*** Opening of MATERIAL SHOWN ***

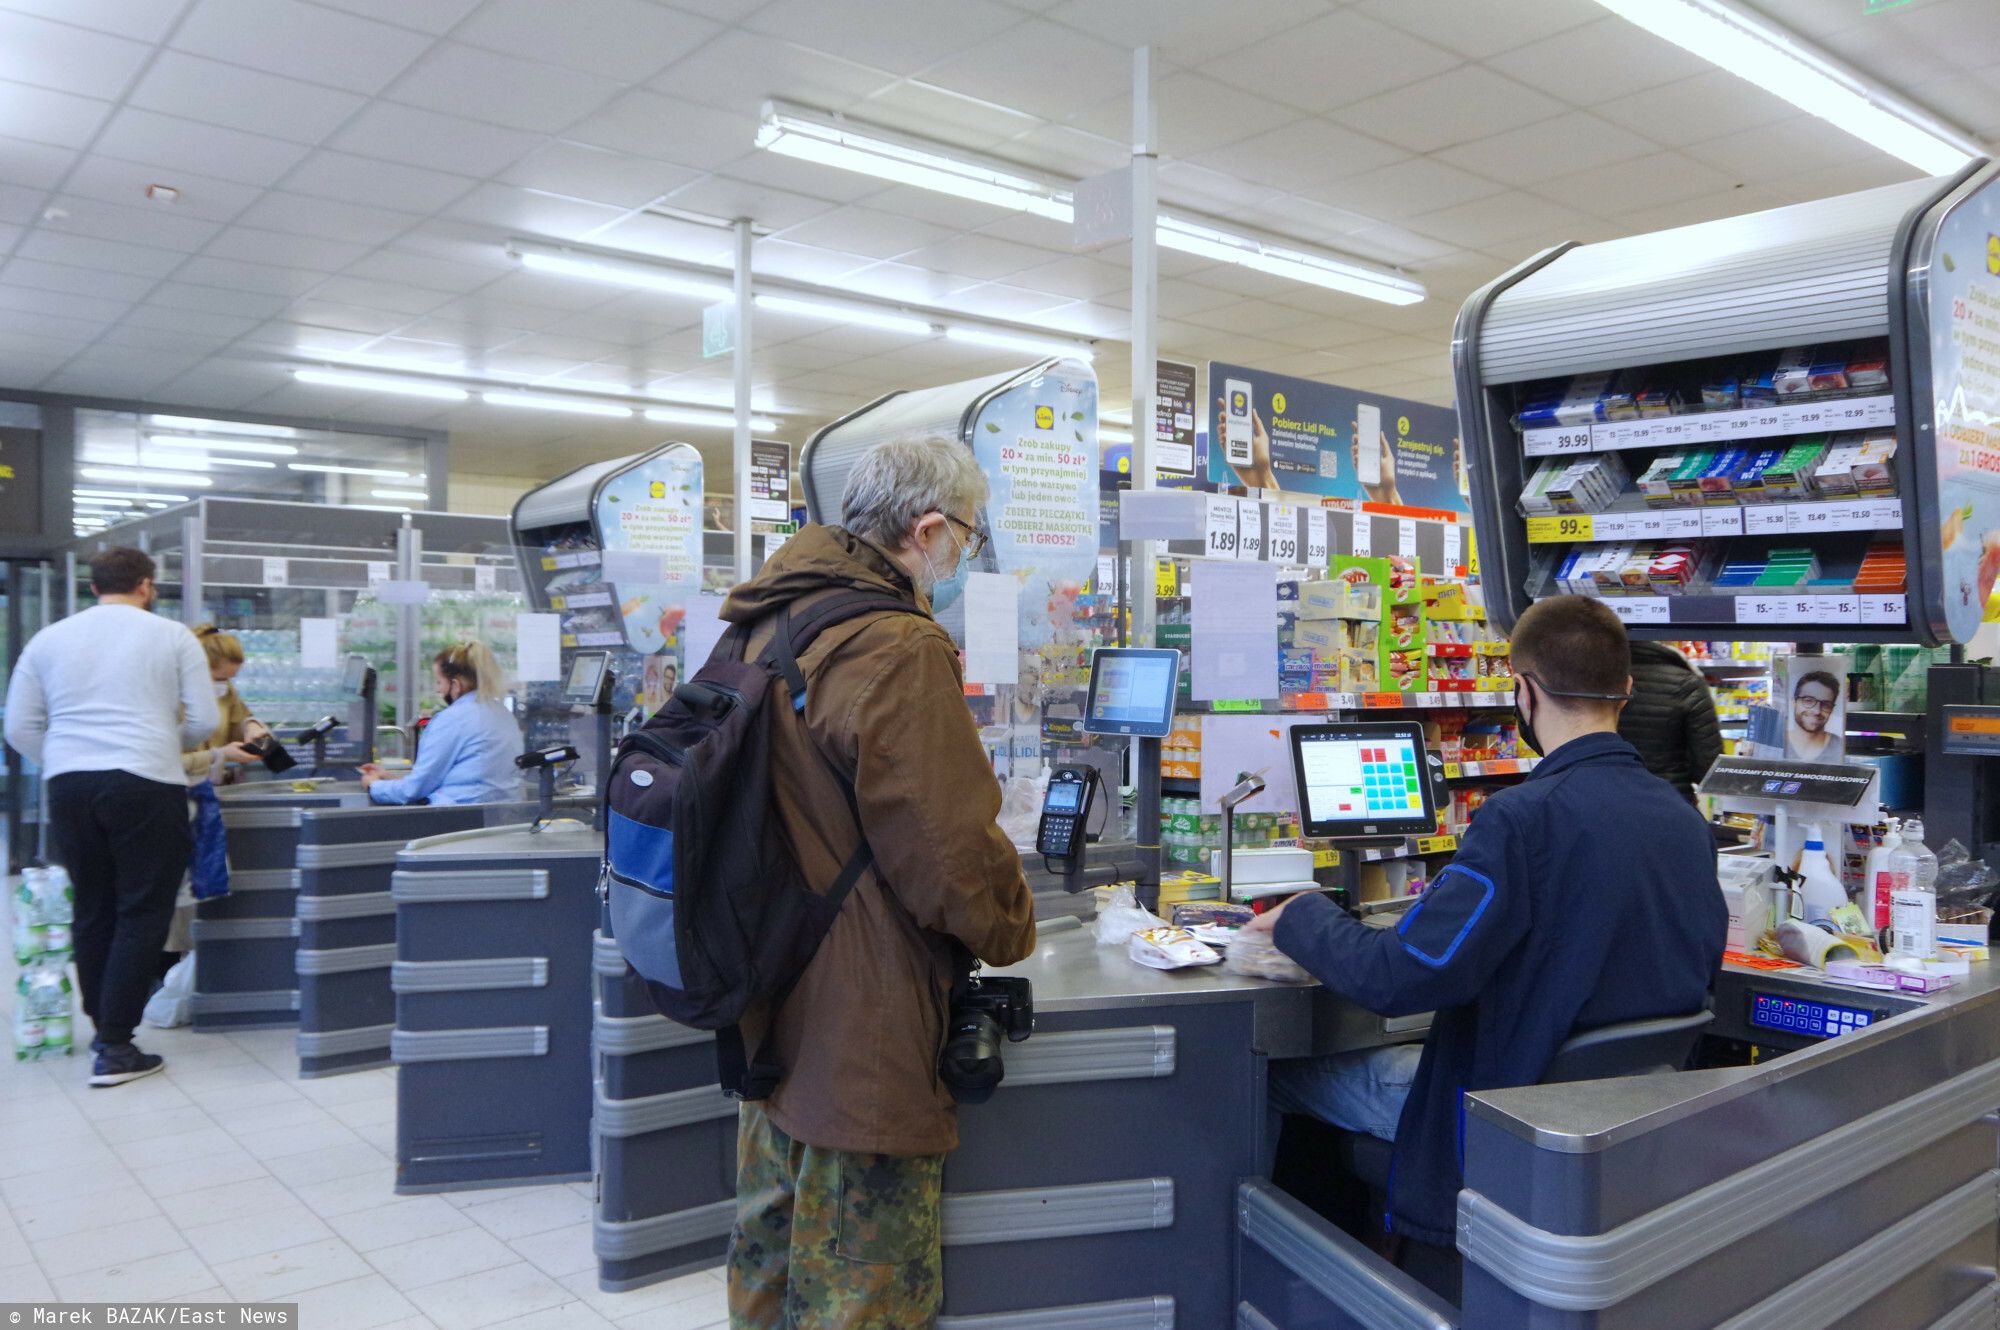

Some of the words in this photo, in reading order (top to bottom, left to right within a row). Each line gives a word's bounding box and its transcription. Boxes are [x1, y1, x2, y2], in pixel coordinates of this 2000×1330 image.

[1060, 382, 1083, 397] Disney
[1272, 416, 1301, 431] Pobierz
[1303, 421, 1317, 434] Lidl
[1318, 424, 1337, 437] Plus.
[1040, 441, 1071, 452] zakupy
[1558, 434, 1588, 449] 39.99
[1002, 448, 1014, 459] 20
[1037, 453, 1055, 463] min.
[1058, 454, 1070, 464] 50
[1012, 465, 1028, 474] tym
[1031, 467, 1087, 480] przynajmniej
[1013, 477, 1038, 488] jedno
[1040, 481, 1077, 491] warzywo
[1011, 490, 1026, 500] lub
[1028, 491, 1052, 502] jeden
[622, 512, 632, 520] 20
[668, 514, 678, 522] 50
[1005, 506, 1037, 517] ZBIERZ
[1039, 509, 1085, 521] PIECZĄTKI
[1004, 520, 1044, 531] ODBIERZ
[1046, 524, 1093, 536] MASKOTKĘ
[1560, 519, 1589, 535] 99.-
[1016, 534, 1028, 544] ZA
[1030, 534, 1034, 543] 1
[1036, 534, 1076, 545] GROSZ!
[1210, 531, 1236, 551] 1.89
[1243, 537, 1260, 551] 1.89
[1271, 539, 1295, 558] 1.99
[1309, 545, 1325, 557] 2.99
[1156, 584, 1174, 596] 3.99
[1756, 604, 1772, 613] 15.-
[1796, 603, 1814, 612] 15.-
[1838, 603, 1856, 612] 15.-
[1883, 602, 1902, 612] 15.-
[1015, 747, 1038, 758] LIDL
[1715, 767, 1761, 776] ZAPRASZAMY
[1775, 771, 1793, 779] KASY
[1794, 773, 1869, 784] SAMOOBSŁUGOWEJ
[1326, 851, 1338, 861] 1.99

*** Close of MATERIAL SHOWN ***

**WHAT TO PRODUCE**
Please give the entries again word for word, without any pictures.

**TASK RESPONSE**
Some of the words in this photo, in reading order (top to bottom, left to right within a row). Each line gives a word's bounding box and its transcription. Boxes are [x1, y1, x2, y2], in pixel coordinates of this 2000×1330 image.

[1060, 382, 1083, 397] Disney
[1272, 416, 1301, 431] Pobierz
[1303, 421, 1317, 434] Lidl
[1318, 424, 1337, 437] Plus.
[1040, 441, 1071, 452] zakupy
[1558, 434, 1588, 449] 39.99
[1002, 448, 1014, 459] 20
[1037, 453, 1055, 463] min.
[1058, 454, 1070, 464] 50
[1012, 465, 1028, 474] tym
[1031, 467, 1087, 480] przynajmniej
[1013, 477, 1038, 488] jedno
[1040, 481, 1077, 491] warzywo
[1011, 490, 1026, 500] lub
[1028, 491, 1052, 502] jeden
[622, 512, 632, 520] 20
[668, 514, 678, 522] 50
[1005, 506, 1037, 517] ZBIERZ
[1039, 509, 1085, 521] PIECZĄTKI
[1004, 520, 1044, 531] ODBIERZ
[1046, 524, 1093, 536] MASKOTKĘ
[1560, 519, 1589, 535] 99.-
[1016, 534, 1028, 544] ZA
[1030, 534, 1034, 543] 1
[1036, 534, 1076, 545] GROSZ!
[1210, 531, 1236, 551] 1.89
[1243, 537, 1260, 551] 1.89
[1271, 539, 1295, 558] 1.99
[1309, 545, 1325, 557] 2.99
[1156, 584, 1174, 596] 3.99
[1756, 604, 1772, 613] 15.-
[1796, 603, 1814, 612] 15.-
[1838, 603, 1856, 612] 15.-
[1883, 602, 1902, 612] 15.-
[1015, 747, 1038, 758] LIDL
[1715, 767, 1761, 776] ZAPRASZAMY
[1775, 771, 1793, 779] KASY
[1794, 773, 1869, 784] SAMOOBSŁUGOWEJ
[1326, 851, 1338, 861] 1.99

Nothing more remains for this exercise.